Climbing Dogbane

Climbing Dogbane Plant Information

Climbing Dogbane grows in the following 19 states:

District Of Columbia, Georgia, Illinois, Indiana, Kentucky, Maryland, Mississippi, North Carolina, Oklahoma, South Carolina, Alabama, Arkansas, Delaware, Florida, Louisiana, Missouri, Tennessee, Texas, Virginia

Thyrsanthella difformis, the climbing dogbane, is a species of flowering plant in the dogbane family. It is an uncommon to locally common deciduous low-growing woody vine native to the southeastern United States, found more often though not exclusively in moist habitats.

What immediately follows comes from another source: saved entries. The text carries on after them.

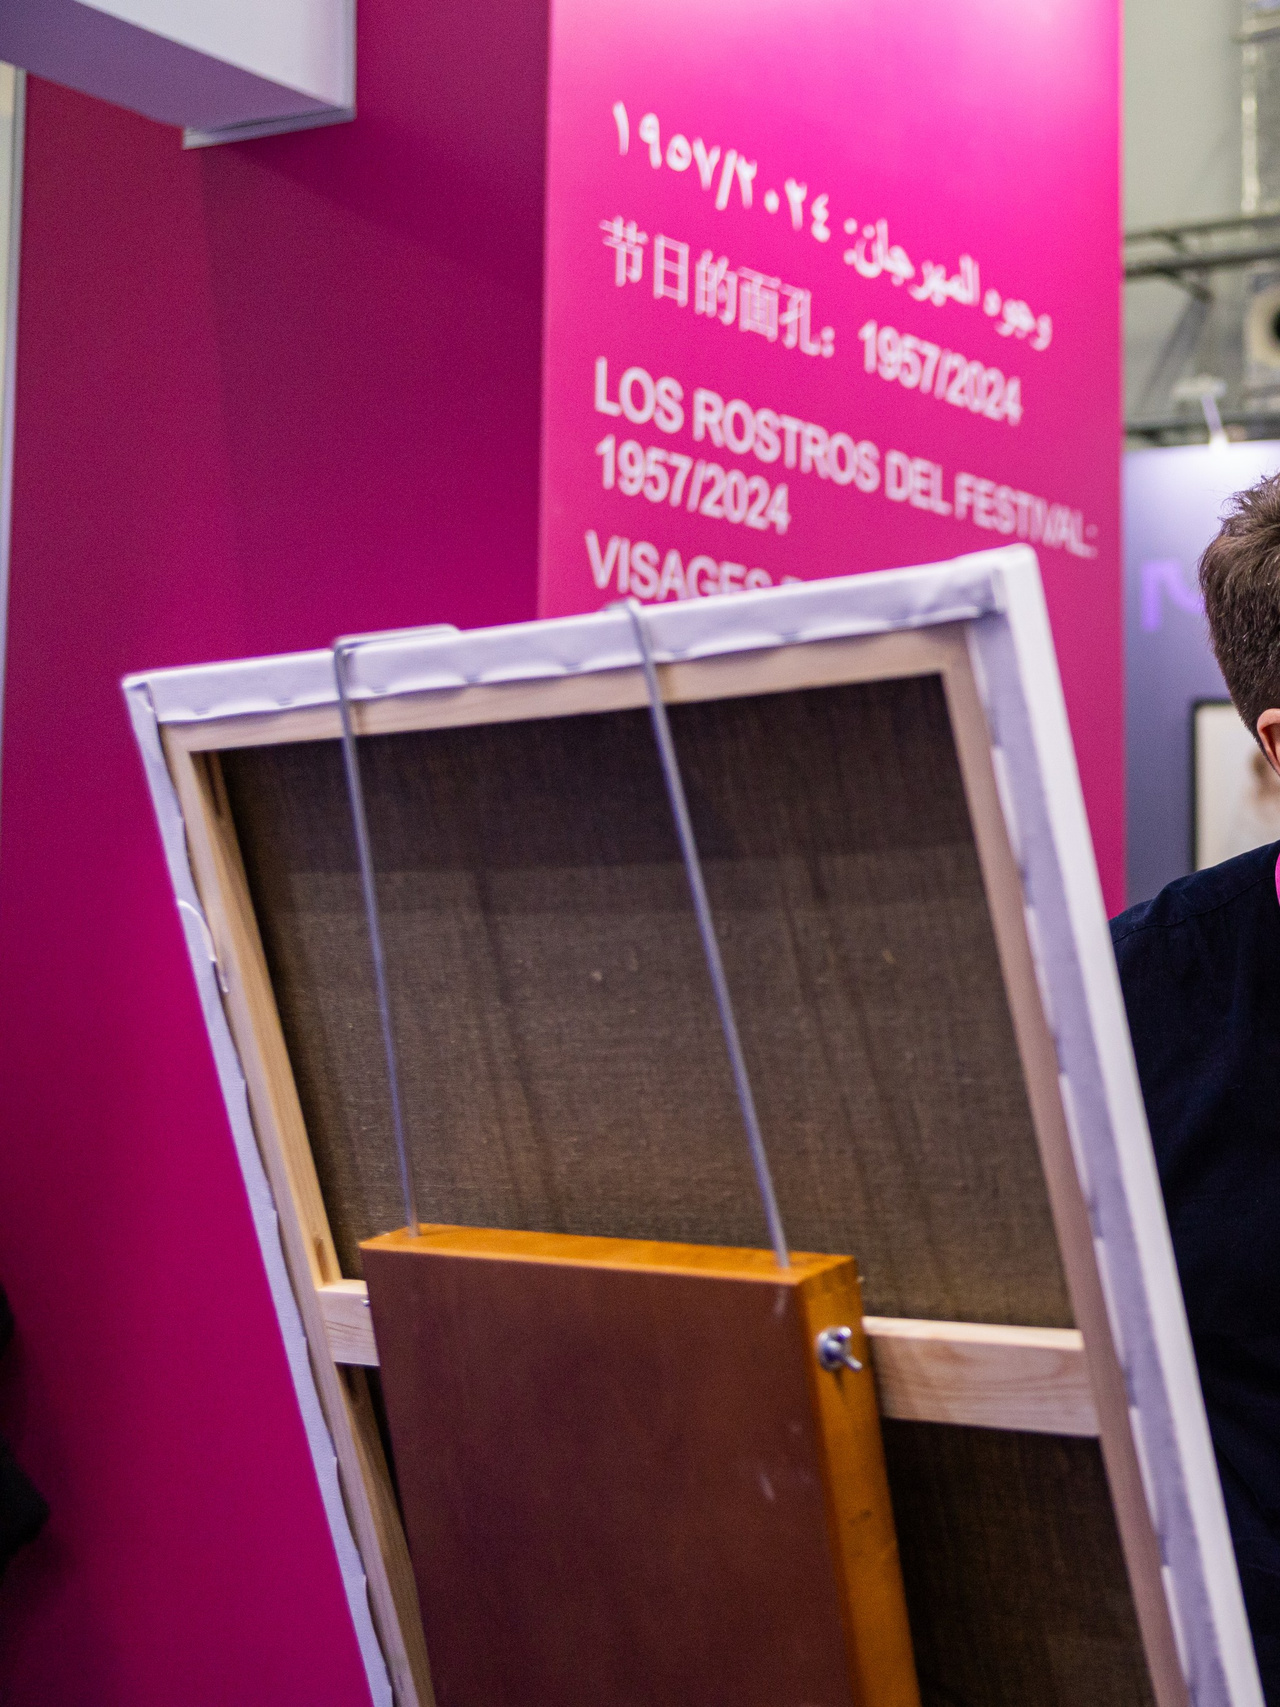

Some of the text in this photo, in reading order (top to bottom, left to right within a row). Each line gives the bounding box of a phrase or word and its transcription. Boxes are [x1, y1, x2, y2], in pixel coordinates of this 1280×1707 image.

[858, 319, 1022, 426] 1957/2024
[594, 355, 684, 435] LOS
[692, 387, 881, 494] ROSTROS
[885, 450, 953, 517] DEL
[596, 433, 792, 536] 1957/2024

Thyrsanthella difformis is a deciduous low-growing woody twining vine in the dogbane family. Its leaves are opposite, entire, acuminate, and have variable shape. White to creamy yellow flowers, lacking a corona, corolla lobes 3-4 mm long, appear May to July. Reddish fruit are follicles 10-25 cm long, 1-2 mm in diameter that appear July through September.
The variable leaf shape may make identification challenging in some cases, particularly if the narrow-leaf form is first encountered. Also, T. difformis may be confused with trumpet honeysuckle, alien japanese honeysuckle, or carolina jessamine. Distinguish T. difformis in the field from these plants by observing that only T. difformis exudes milky sap from broken stems or the central vein of torn leaves. It may be distinguished from the alien confederate jasmine, formerly in the same genus, by the unassuming pale yellow flowers of the native species contrasting to the showy white flowers of the introduced vine.
This species was traditionally included in the genus Trachelospermum. Molecular and physical taxonomic evidence place it instead in the monospecific genus Thyrsanthella. The specific name derives from the variable leaf shape.
One source reports that all parts of this plant are poisonous if ingested.